Collected data
______
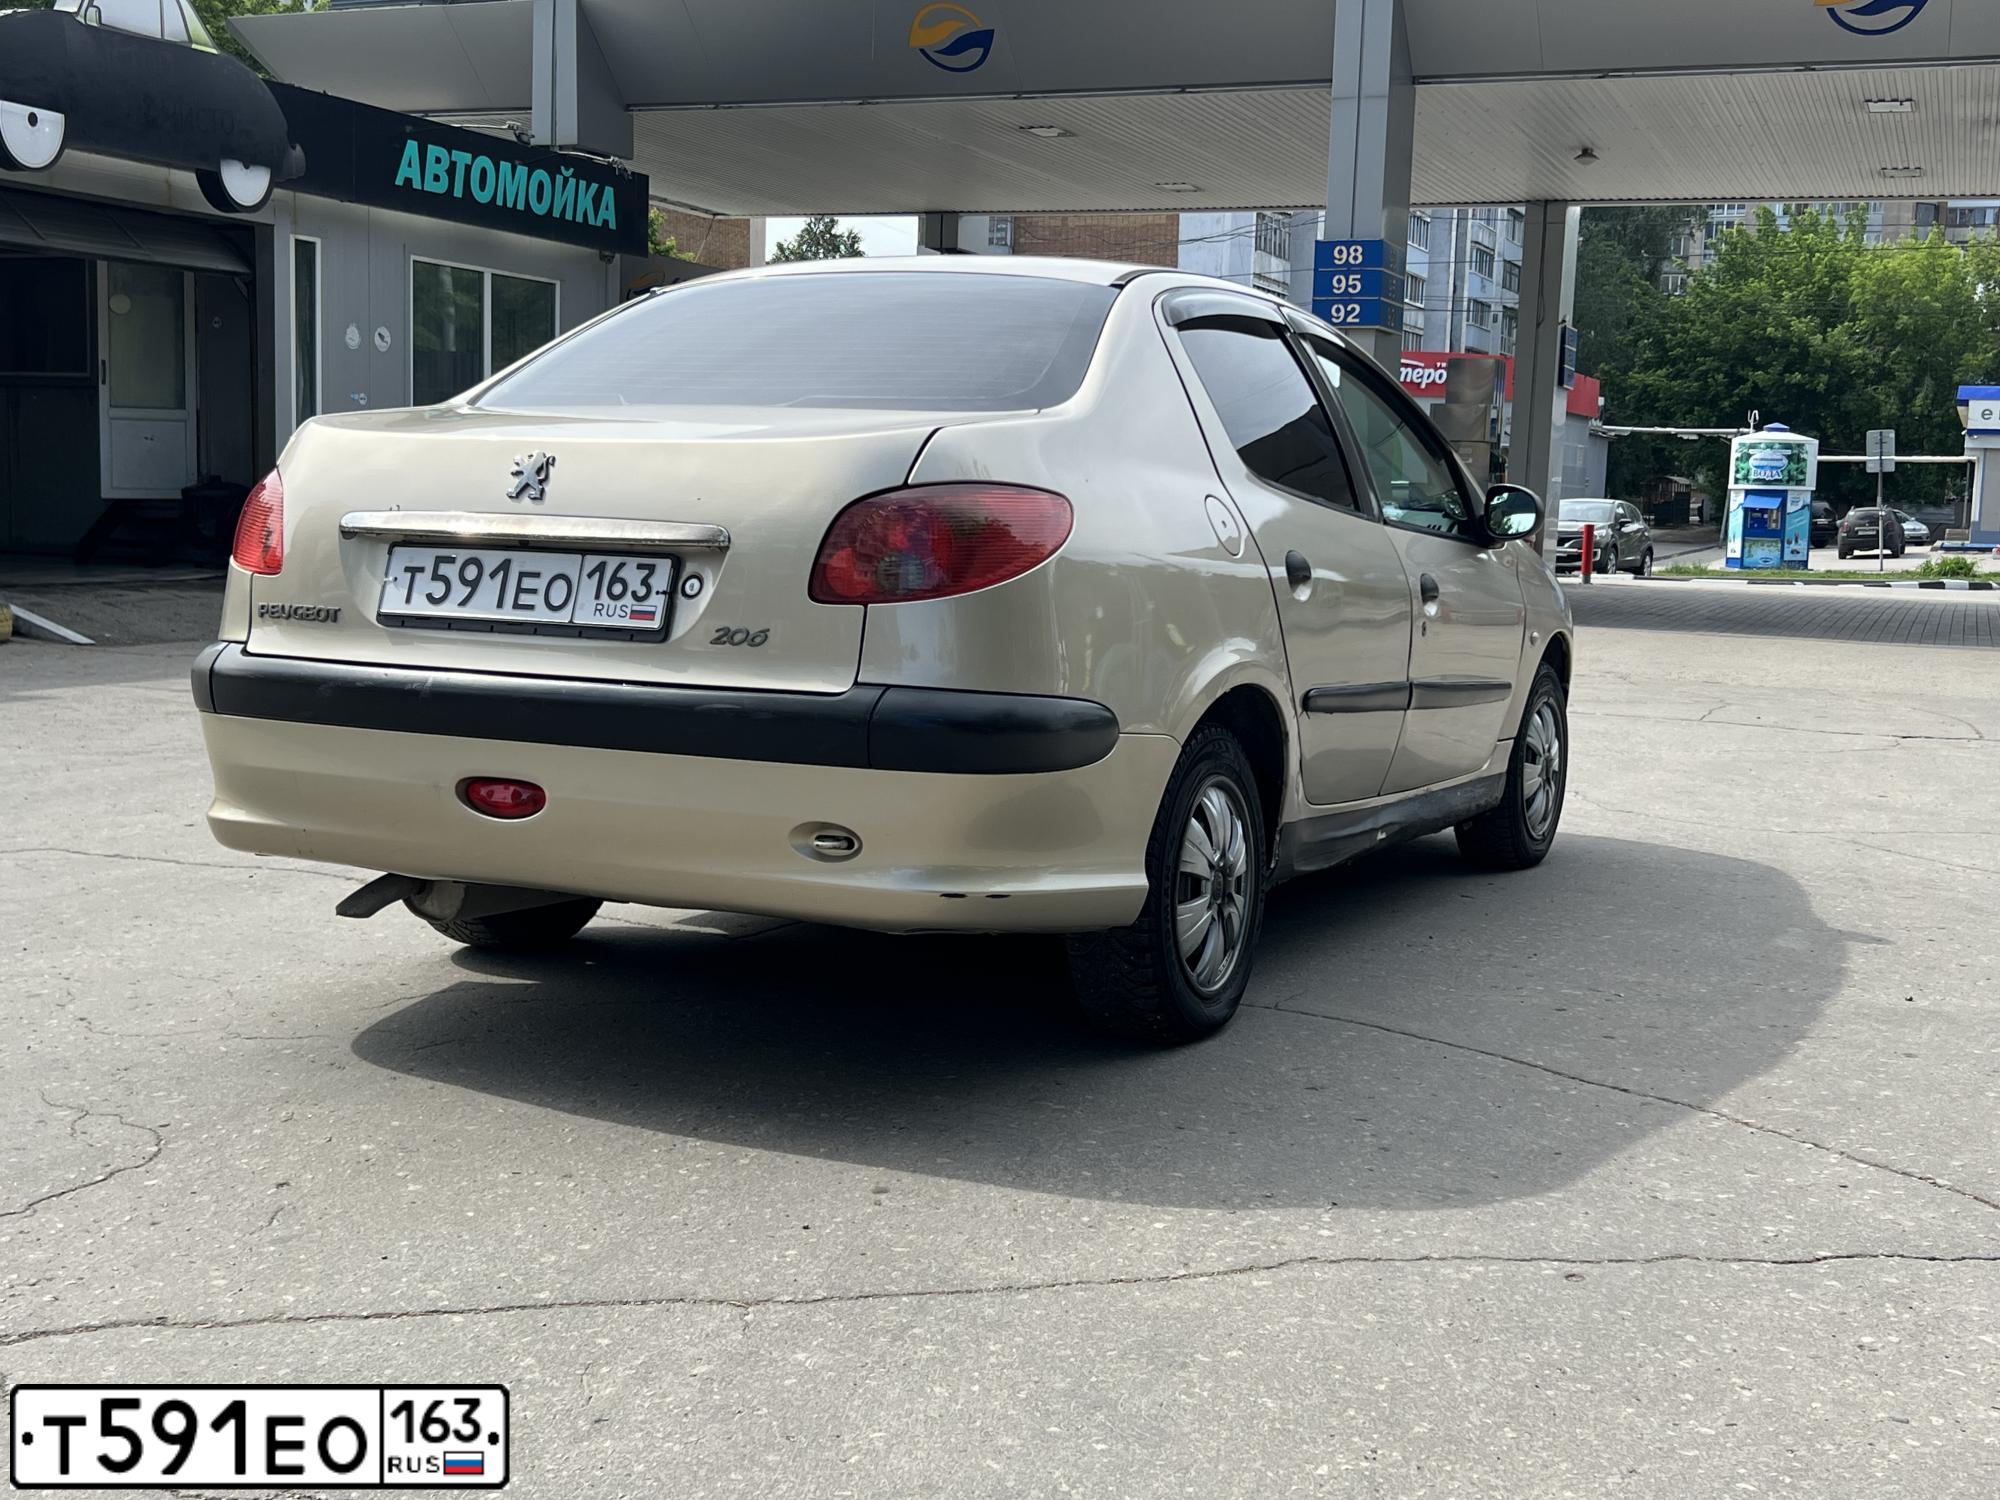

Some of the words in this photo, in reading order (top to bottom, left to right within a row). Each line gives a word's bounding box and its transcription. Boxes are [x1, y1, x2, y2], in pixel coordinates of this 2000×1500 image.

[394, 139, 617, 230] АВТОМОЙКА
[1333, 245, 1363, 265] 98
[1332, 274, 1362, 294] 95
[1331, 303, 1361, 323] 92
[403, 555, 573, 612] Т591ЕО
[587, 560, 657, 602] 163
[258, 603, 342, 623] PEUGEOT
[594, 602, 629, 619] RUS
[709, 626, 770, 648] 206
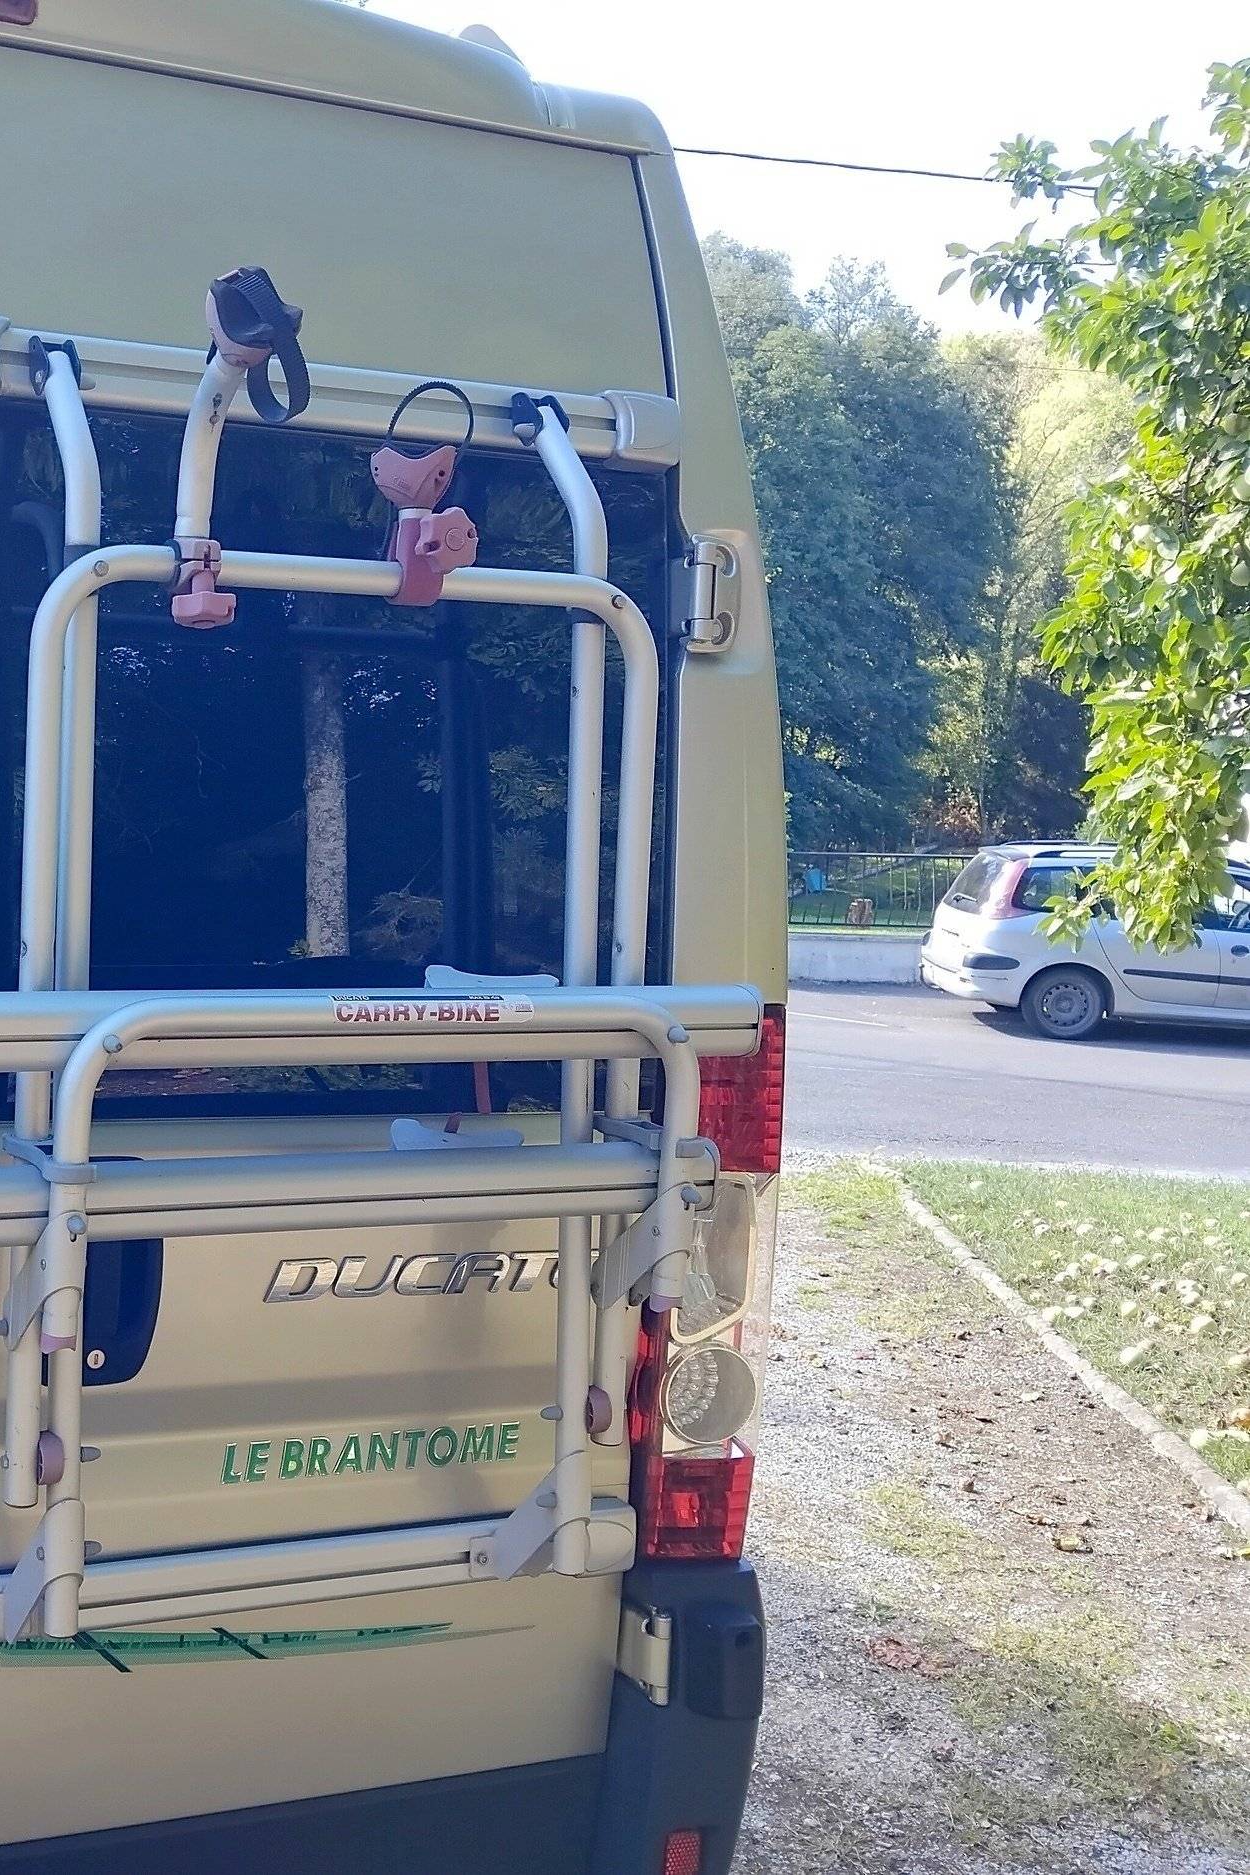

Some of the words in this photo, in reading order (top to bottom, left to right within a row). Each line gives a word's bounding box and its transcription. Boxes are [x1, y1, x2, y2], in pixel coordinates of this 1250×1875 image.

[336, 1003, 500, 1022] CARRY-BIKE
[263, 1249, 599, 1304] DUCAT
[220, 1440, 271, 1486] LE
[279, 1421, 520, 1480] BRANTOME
______
■ THE PROBLEM
Retype every entry exactly as written, but omit the pictures.

■ RESPONSE
Some of the words in this photo, in reading order (top to bottom, left to right within a row). Each line gives a word's bounding box and its transcription. Boxes are [x1, y1, x2, y2], in pixel coordinates of this 2000×1500 image.

[394, 139, 617, 230] АВТОМОЙКА
[1333, 245, 1363, 265] 98
[1332, 274, 1362, 294] 95
[1331, 303, 1361, 323] 92
[403, 555, 573, 612] Т591ЕО
[587, 560, 657, 602] 163
[258, 603, 342, 623] PEUGEOT
[594, 602, 629, 619] RUS
[709, 626, 770, 648] 206

Some of the words in this photo, in reading order (top to bottom, left to right within a row). Each line gives a word's bounding box and its transcription. Boxes are [x1, y1, x2, y2], in pixel coordinates of this 1250×1875 image.

[336, 1003, 500, 1022] CARRY-BIKE
[263, 1249, 599, 1304] DUCAT
[220, 1440, 271, 1486] LE
[279, 1421, 520, 1480] BRANTOME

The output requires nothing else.